Zhao Di était aussi prêt à faire confiance une dernière fois. Il sourit à Song Chu et dit : « Ouais, je serai son adjoint. Qu'il essaie. Je suis vieux, j'ai plus la flamme, plus l'envie de me battre. Je me contenterai de vous aider à garder un œil sur lui. »
Les frère et sœur voulaient le faire sortir de sa retraite, et il l'avait bien vu. Il avait d'abord hésité, mais récemment Song Lao Er ne lâchait pas l'affaire pour qu'il continue à lui apprendre à cuisiner, invitant occasionnellement quelques potes pour faire un repas, ce qui avait ravivé son amour et sa joie de la cuisine.

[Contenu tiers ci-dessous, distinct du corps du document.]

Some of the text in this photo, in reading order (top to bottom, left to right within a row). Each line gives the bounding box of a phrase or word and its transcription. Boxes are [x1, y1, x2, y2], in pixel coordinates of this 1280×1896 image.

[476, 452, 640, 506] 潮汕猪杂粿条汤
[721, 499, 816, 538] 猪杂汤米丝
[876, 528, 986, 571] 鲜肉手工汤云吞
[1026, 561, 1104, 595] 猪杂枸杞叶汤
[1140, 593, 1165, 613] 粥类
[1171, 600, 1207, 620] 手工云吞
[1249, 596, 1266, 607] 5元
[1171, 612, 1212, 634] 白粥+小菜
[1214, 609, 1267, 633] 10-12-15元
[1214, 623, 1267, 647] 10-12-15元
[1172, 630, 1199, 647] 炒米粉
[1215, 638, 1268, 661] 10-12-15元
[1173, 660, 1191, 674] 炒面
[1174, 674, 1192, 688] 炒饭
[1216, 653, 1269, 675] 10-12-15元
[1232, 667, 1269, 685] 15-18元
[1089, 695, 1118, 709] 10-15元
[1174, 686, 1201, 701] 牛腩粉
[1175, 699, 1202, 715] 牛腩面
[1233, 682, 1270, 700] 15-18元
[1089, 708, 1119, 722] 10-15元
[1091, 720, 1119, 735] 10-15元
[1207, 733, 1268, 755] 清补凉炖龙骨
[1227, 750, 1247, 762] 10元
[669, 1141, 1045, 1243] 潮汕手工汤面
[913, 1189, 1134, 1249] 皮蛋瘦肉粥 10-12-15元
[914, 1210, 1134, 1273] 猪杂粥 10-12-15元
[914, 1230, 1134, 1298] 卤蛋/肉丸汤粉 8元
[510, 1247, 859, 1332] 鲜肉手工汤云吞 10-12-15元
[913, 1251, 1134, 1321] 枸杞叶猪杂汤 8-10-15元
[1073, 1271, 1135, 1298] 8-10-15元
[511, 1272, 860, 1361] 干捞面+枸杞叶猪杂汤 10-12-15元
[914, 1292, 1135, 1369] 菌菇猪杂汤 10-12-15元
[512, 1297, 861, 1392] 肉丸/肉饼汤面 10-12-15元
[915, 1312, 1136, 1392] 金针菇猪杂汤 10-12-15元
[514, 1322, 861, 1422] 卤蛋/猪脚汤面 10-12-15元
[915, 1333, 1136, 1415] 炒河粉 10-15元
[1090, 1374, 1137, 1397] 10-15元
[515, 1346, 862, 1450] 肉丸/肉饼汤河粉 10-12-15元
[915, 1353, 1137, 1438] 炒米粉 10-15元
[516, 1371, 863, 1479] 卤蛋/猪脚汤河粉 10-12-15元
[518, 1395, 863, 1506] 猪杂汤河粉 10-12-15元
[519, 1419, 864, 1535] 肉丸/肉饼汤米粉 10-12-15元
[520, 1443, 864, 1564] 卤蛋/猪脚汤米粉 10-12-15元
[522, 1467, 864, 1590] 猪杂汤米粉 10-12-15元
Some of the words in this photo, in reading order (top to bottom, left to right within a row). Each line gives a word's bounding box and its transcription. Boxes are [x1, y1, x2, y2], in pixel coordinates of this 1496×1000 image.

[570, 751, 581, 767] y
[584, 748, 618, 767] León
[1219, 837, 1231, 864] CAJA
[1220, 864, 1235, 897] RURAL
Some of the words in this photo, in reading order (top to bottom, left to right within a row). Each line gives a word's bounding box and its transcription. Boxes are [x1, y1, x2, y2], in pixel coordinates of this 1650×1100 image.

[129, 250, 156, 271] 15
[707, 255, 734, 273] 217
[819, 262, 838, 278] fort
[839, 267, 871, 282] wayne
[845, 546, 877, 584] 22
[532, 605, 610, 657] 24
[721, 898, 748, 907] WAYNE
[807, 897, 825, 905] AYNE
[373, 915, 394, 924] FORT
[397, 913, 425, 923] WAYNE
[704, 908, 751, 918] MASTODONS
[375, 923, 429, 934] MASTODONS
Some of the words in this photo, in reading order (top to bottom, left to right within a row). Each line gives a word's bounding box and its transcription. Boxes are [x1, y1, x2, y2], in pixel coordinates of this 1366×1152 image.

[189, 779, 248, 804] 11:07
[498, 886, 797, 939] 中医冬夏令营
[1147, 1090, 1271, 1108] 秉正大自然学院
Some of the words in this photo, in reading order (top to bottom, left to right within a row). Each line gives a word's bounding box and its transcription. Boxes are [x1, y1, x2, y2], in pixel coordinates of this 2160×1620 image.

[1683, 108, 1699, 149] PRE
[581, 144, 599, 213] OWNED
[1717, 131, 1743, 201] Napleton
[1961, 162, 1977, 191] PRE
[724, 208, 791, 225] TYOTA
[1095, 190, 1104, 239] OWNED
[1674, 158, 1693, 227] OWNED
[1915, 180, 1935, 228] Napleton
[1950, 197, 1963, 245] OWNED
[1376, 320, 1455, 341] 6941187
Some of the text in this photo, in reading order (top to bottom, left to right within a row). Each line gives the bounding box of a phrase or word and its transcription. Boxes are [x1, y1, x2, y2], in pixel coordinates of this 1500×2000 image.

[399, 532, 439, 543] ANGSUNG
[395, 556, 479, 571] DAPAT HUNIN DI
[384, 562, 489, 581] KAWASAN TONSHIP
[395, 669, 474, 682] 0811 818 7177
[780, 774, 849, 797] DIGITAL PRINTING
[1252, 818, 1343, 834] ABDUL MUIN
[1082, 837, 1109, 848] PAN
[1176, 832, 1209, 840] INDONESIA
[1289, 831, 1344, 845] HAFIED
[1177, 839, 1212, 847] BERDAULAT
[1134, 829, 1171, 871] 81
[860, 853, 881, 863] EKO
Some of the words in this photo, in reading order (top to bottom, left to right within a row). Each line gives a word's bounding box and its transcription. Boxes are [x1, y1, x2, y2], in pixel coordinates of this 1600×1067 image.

Cependant, il ne voulait pas s'embêter avec le reste, donc il décida de laisser son apprenti ouvrir le resto lui-même, et lui se contenterait de surveiller.
Song Chu ne pouvait évidemment pas demander mieux. « D'accord, alors Vieux Zhao, merci de garder un œil sur mon Deuxième Frère. Il s'agite quand personne ne le surveille. S'il fait une bêtise, n'hésitez pas à le remettre dans le droit chemin. Mes parents s'en formaliseront pas. »
C'était surtout dit pour les oreilles de Song Lao Er.
Song Lao Er : « ... » Xiaomei est vraiment trop impitoyable. Elle est venimeuse.
Mais il osa pas contredire, et ne put que forcer un sourire amer en restant planté là.
Zhao Di rit. « Haha, avec tes paroles, je suis tranquille.
« Au fait, la prochaine fois que tu reviens, amène sa femme et son gosse aussi », ajouta-t-il.
Il avait aussi ses raisons égoïstes. En vieillissant, on veut qu'il y ait du monde autour pour mettre de l'ambiance. Puisqu'il gardait son apprenti à la capitale, il pouvait pas séparer la famille.
Sa cour était assez grande pour loger la famille de son apprenti.